**Information:**
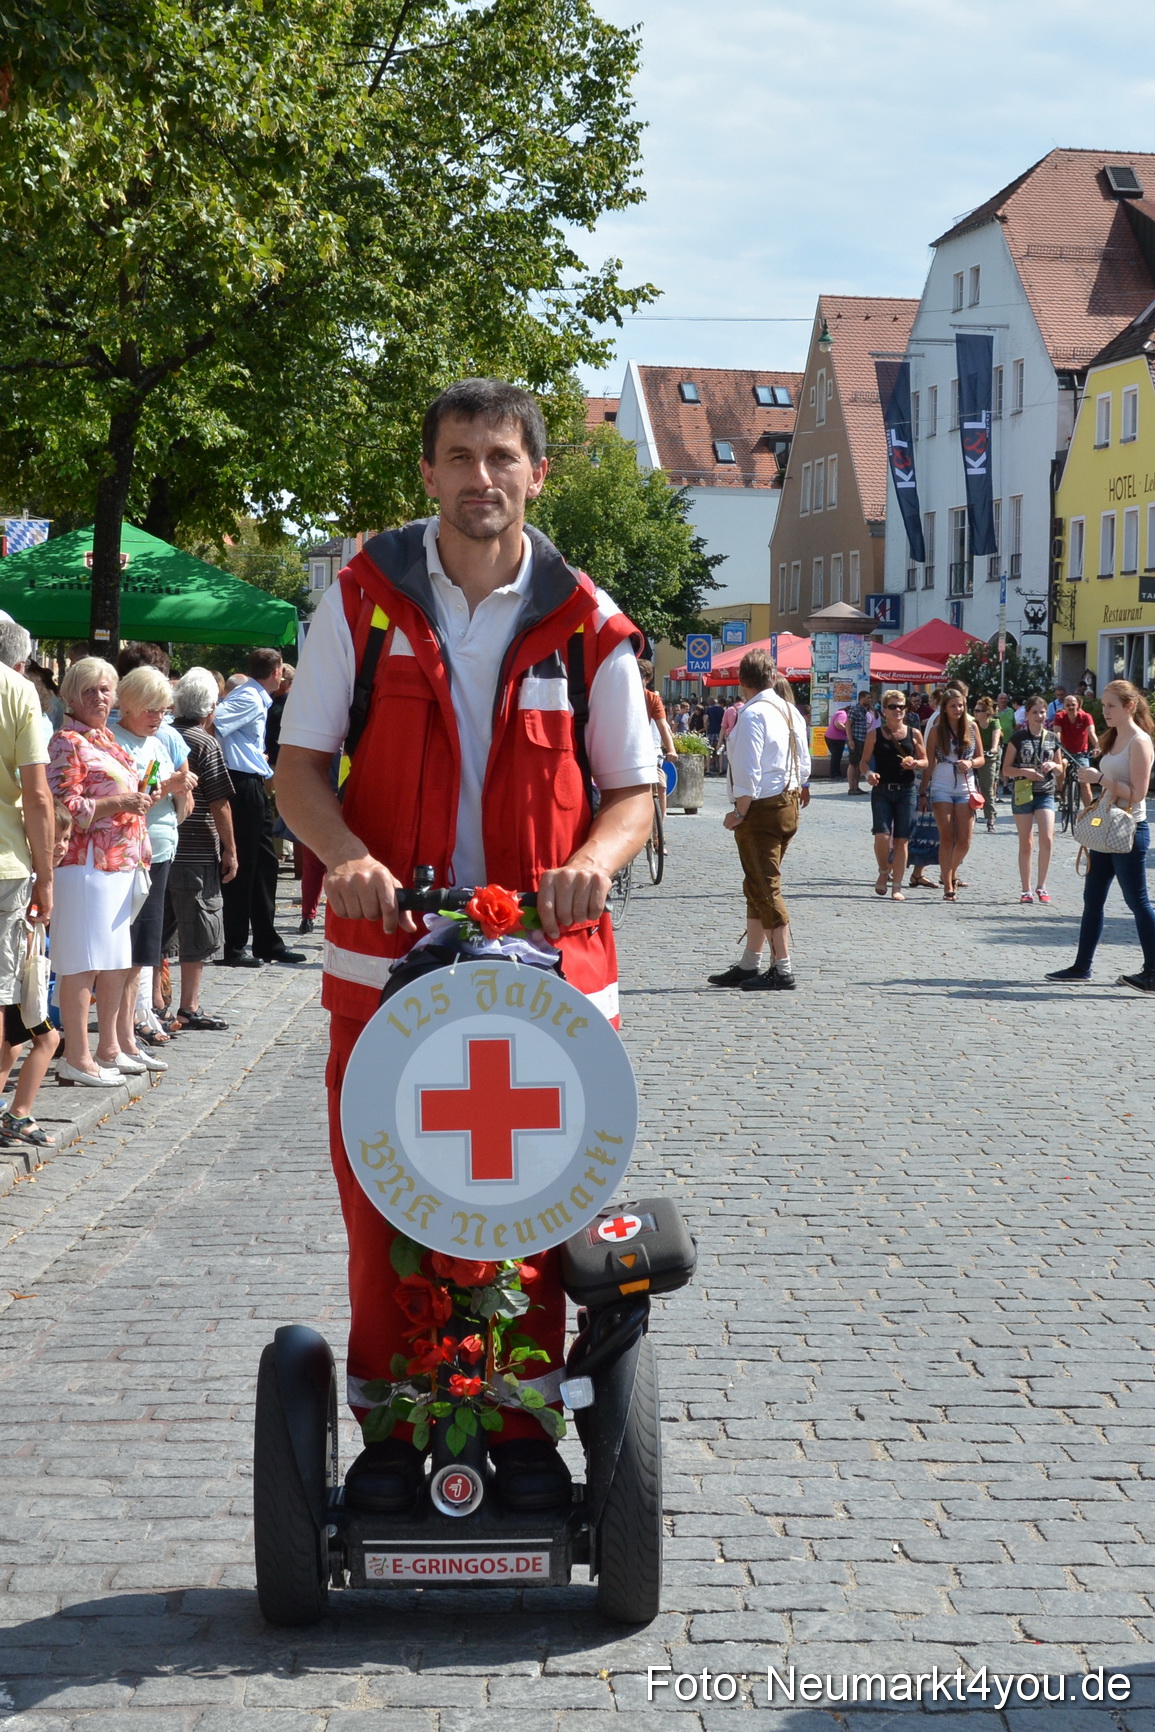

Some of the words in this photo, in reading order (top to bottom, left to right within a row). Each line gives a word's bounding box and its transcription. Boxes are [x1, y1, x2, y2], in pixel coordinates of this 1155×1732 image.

[1108, 474, 1137, 502] HOTEL
[1103, 605, 1144, 624] Restaurant
[689, 661, 710, 669] TAXI
[387, 983, 451, 1039] 125
[470, 968, 589, 1039] Jahre
[358, 1130, 443, 1230] BRK
[450, 1129, 624, 1248] Neumarkt
[392, 1557, 543, 1575] E-GRINGOS.DE
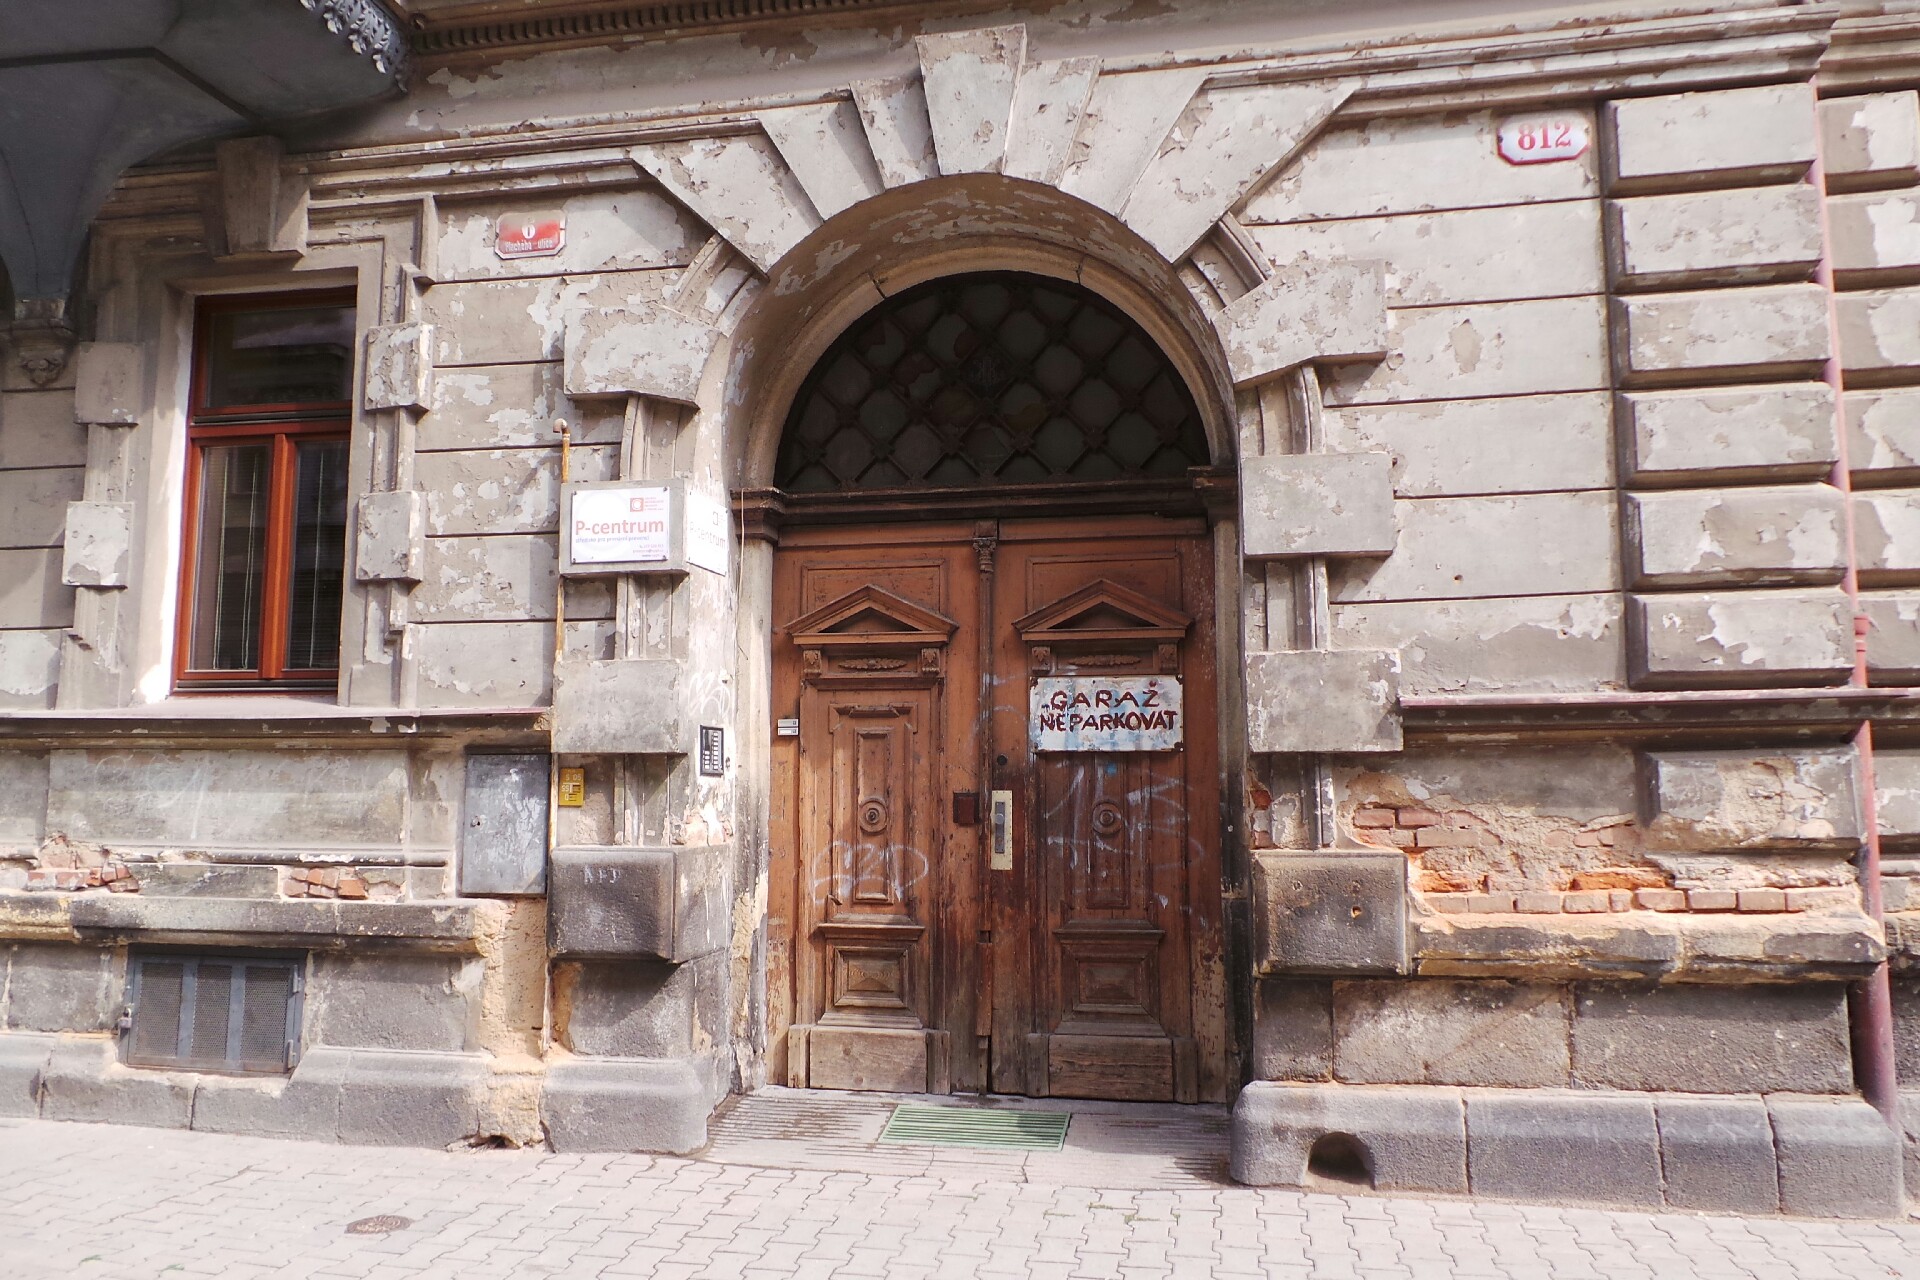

**Your task:**
The expected result is the data above in exact form, free of pictures.

**Task answer:**
Some of the words in this photo, in reading order (top to bottom, left to right within a row). Each line gives a word's bounding box and its transcription. Boxes are [x1, y1, x2, y2], in pixel coordinates of this 1155×1732 image.

[1108, 474, 1137, 502] HOTEL
[1103, 605, 1144, 624] Restaurant
[689, 661, 710, 669] TAXI
[387, 983, 451, 1039] 125
[470, 968, 589, 1039] Jahre
[358, 1130, 443, 1230] BRK
[450, 1129, 624, 1248] Neumarkt
[392, 1557, 543, 1575] E-GRINGOS.DE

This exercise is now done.